[Dataset entries]
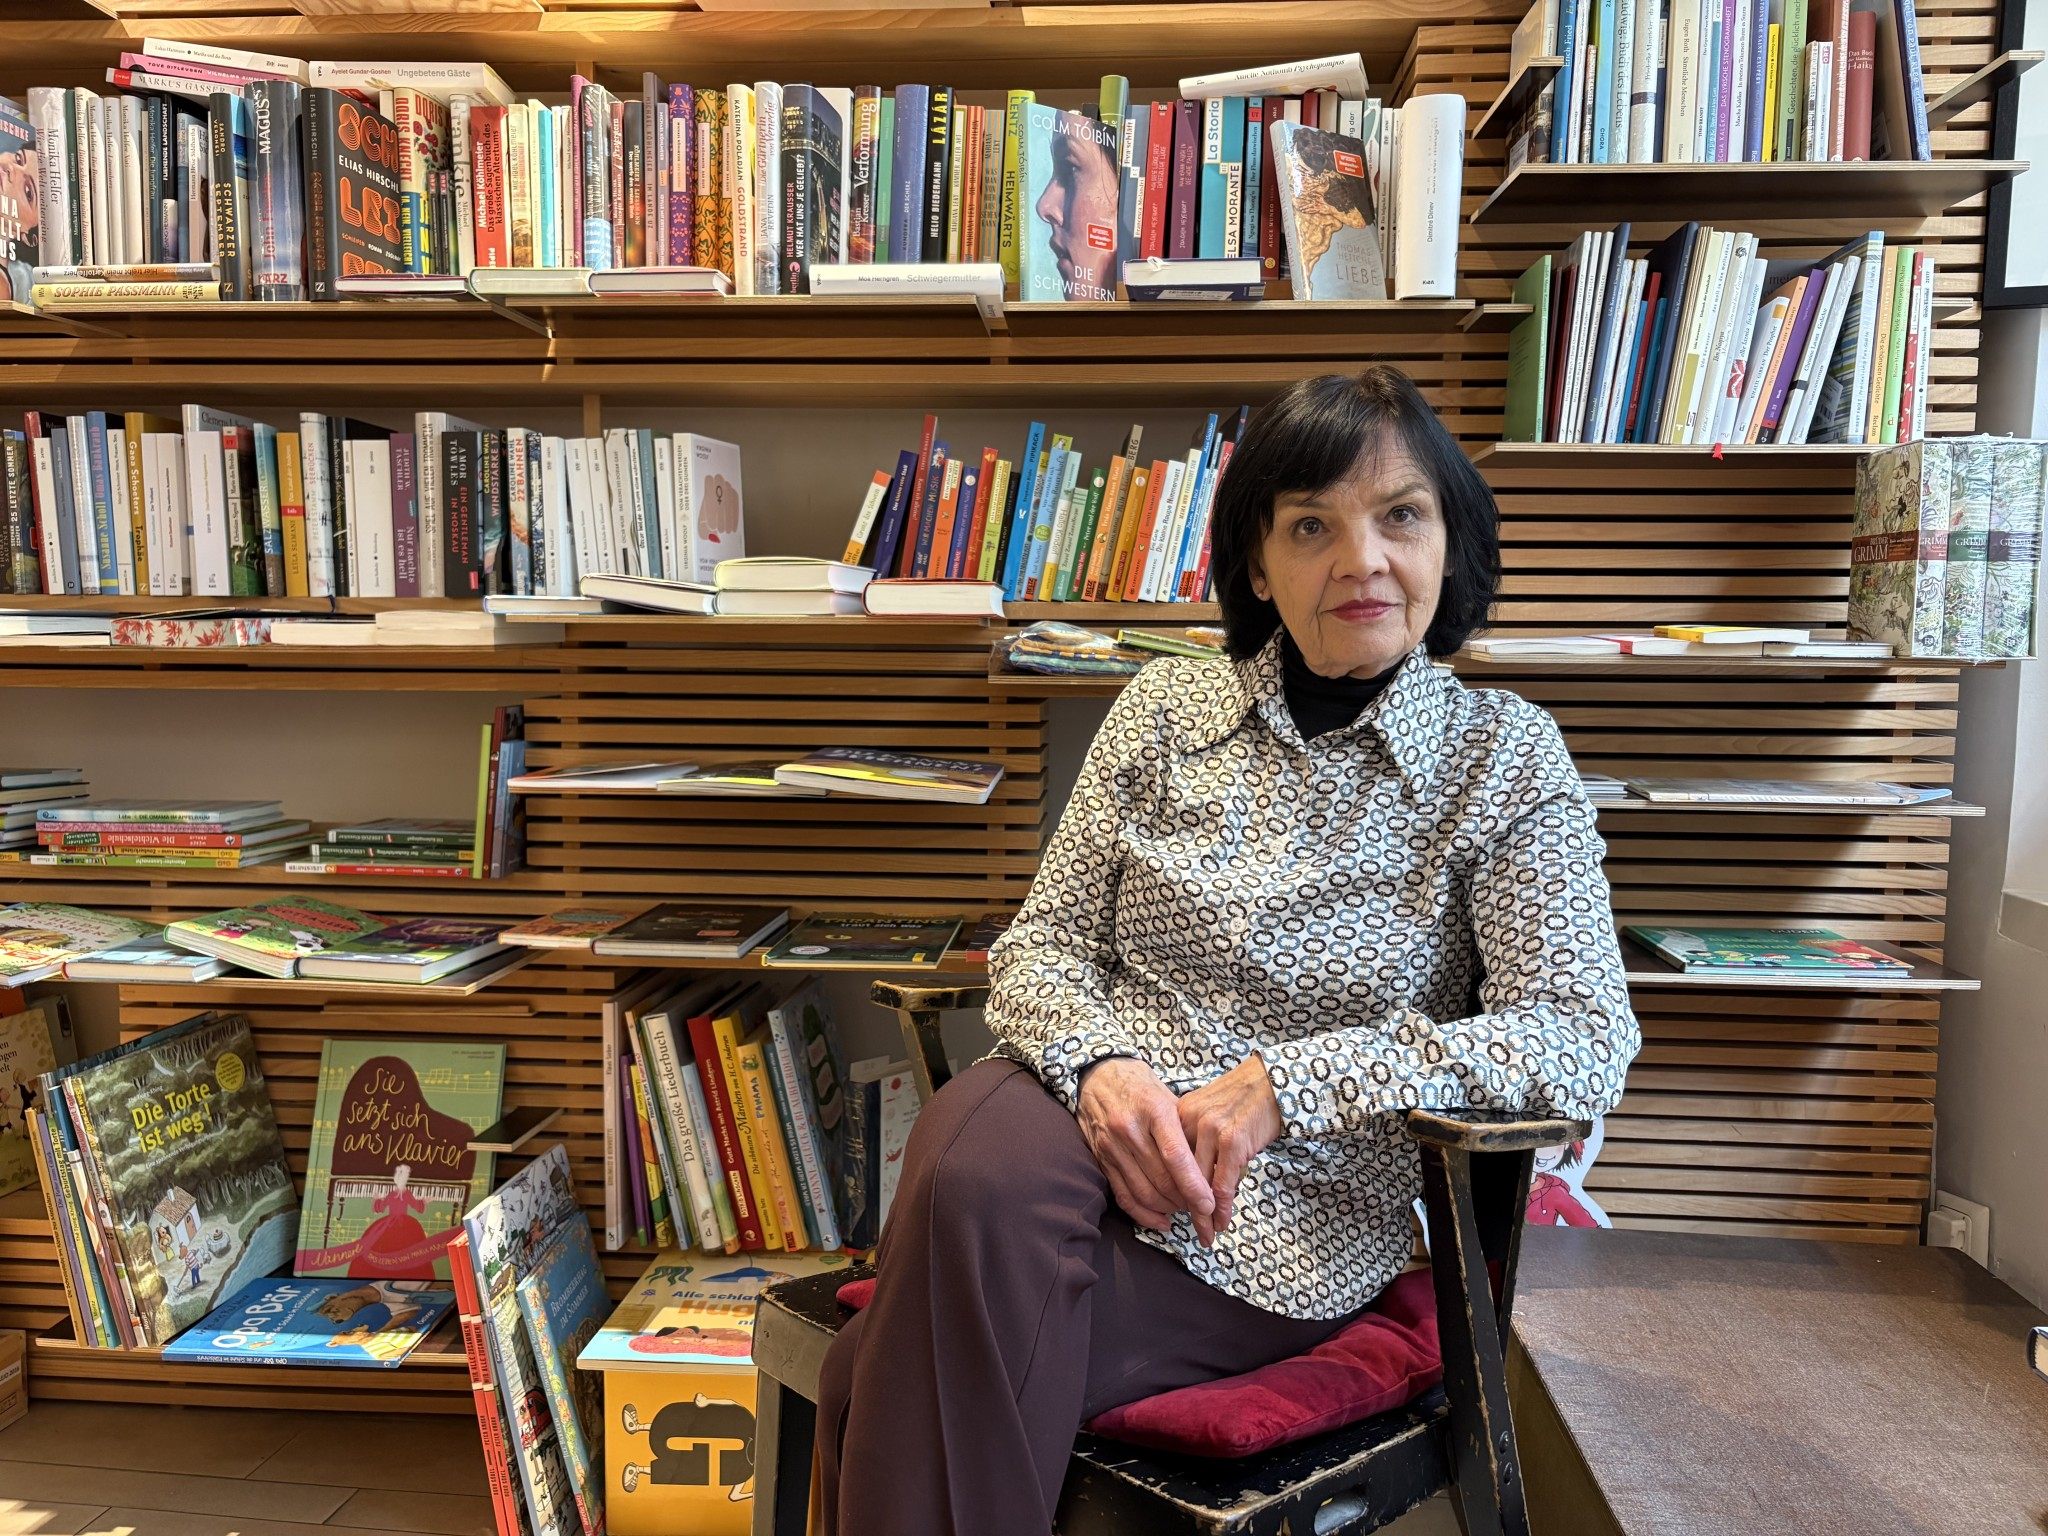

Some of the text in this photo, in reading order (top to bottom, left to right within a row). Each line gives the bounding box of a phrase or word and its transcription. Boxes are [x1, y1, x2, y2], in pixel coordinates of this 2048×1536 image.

[138, 75, 181, 89] MARKUS
[397, 69, 446, 78] Ungebetene
[447, 69, 471, 78] Gäste
[483, 123, 491, 139] des
[854, 103, 877, 190] Verformung
[1031, 114, 1117, 150] COLM TÓIBÍN
[1207, 100, 1220, 160] La Storia
[47, 127, 62, 205] Monika Helfer
[338, 155, 400, 194] ELIAS HIRSCHL
[483, 141, 493, 188] Sagenbuch
[733, 99, 741, 138] KATERINA
[737, 185, 748, 257] GOLDSTRAND
[1002, 96, 1019, 249] LENTZ HEIMWÄRTS
[475, 141, 486, 229] Michael Köhlmeier
[493, 174, 502, 224] klassischen
[796, 192, 805, 202] JE
[1229, 165, 1240, 226] MORANTE
[215, 183, 225, 257] SEPTEMBER
[223, 182, 235, 257] SCHWARZER
[486, 216, 494, 233] Das
[796, 204, 805, 220] UNS
[862, 193, 870, 224] Kresser
[787, 226, 795, 258] HELMUT
[796, 221, 805, 238] HAT
[796, 239, 805, 258] WER
[107, 285, 178, 297] PASSMANN
[1033, 274, 1116, 303] SCHWESTERN
[1074, 266, 1094, 282] DIE
[449, 440, 458, 486] TOWLES
[459, 447, 467, 479] AMOR
[1127, 439, 1138, 461] BERG
[5, 445, 18, 522] 25 LETZTE SOMMER
[515, 438, 525, 502] 22 BAHNEN
[259, 471, 274, 555] SALZWASSER
[451, 498, 459, 553] IN MOSKAU
[461, 505, 469, 564] GENTLEMAN
[1854, 545, 1888, 562] GRIMM
[406, 526, 415, 584] Nur nachts
[364, 1067, 405, 1095] Sie
[654, 1030, 696, 1163] Das große Liederbuch
[131, 1083, 211, 1130] Die Torte
[346, 1098, 436, 1140] setzt sich
[137, 1126, 165, 1154] ist
[342, 1132, 467, 1170] ans Klavier
[672, 1290, 705, 1299] Alle
[678, 1300, 755, 1317] Hug
[211, 1284, 303, 1348] Opa Bär

**TASK OBJECTIVE**. Return each of the lines exactly as they appear above, with no images.

**WRITTEN REPLY**.
Some of the text in this photo, in reading order (top to bottom, left to right within a row). Each line gives the bounding box of a phrase or word and its transcription. Boxes are [x1, y1, x2, y2], in pixel coordinates of this 2048×1536 image.

[138, 75, 181, 89] MARKUS
[397, 69, 446, 78] Ungebetene
[447, 69, 471, 78] Gäste
[483, 123, 491, 139] des
[854, 103, 877, 190] Verformung
[1031, 114, 1117, 150] COLM TÓIBÍN
[1207, 100, 1220, 160] La Storia
[47, 127, 62, 205] Monika Helfer
[338, 155, 400, 194] ELIAS HIRSCHL
[483, 141, 493, 188] Sagenbuch
[733, 99, 741, 138] KATERINA
[737, 185, 748, 257] GOLDSTRAND
[1002, 96, 1019, 249] LENTZ HEIMWÄRTS
[475, 141, 486, 229] Michael Köhlmeier
[493, 174, 502, 224] klassischen
[796, 192, 805, 202] JE
[1229, 165, 1240, 226] MORANTE
[215, 183, 225, 257] SEPTEMBER
[223, 182, 235, 257] SCHWARZER
[486, 216, 494, 233] Das
[796, 204, 805, 220] UNS
[862, 193, 870, 224] Kresser
[787, 226, 795, 258] HELMUT
[796, 221, 805, 238] HAT
[796, 239, 805, 258] WER
[107, 285, 178, 297] PASSMANN
[1033, 274, 1116, 303] SCHWESTERN
[1074, 266, 1094, 282] DIE
[449, 440, 458, 486] TOWLES
[459, 447, 467, 479] AMOR
[1127, 439, 1138, 461] BERG
[5, 445, 18, 522] 25 LETZTE SOMMER
[515, 438, 525, 502] 22 BAHNEN
[259, 471, 274, 555] SALZWASSER
[451, 498, 459, 553] IN MOSKAU
[461, 505, 469, 564] GENTLEMAN
[1854, 545, 1888, 562] GRIMM
[406, 526, 415, 584] Nur nachts
[364, 1067, 405, 1095] Sie
[654, 1030, 696, 1163] Das große Liederbuch
[131, 1083, 211, 1130] Die Torte
[346, 1098, 436, 1140] setzt sich
[137, 1126, 165, 1154] ist
[342, 1132, 467, 1170] ans Klavier
[672, 1290, 705, 1299] Alle
[678, 1300, 755, 1317] Hug
[211, 1284, 303, 1348] Opa Bär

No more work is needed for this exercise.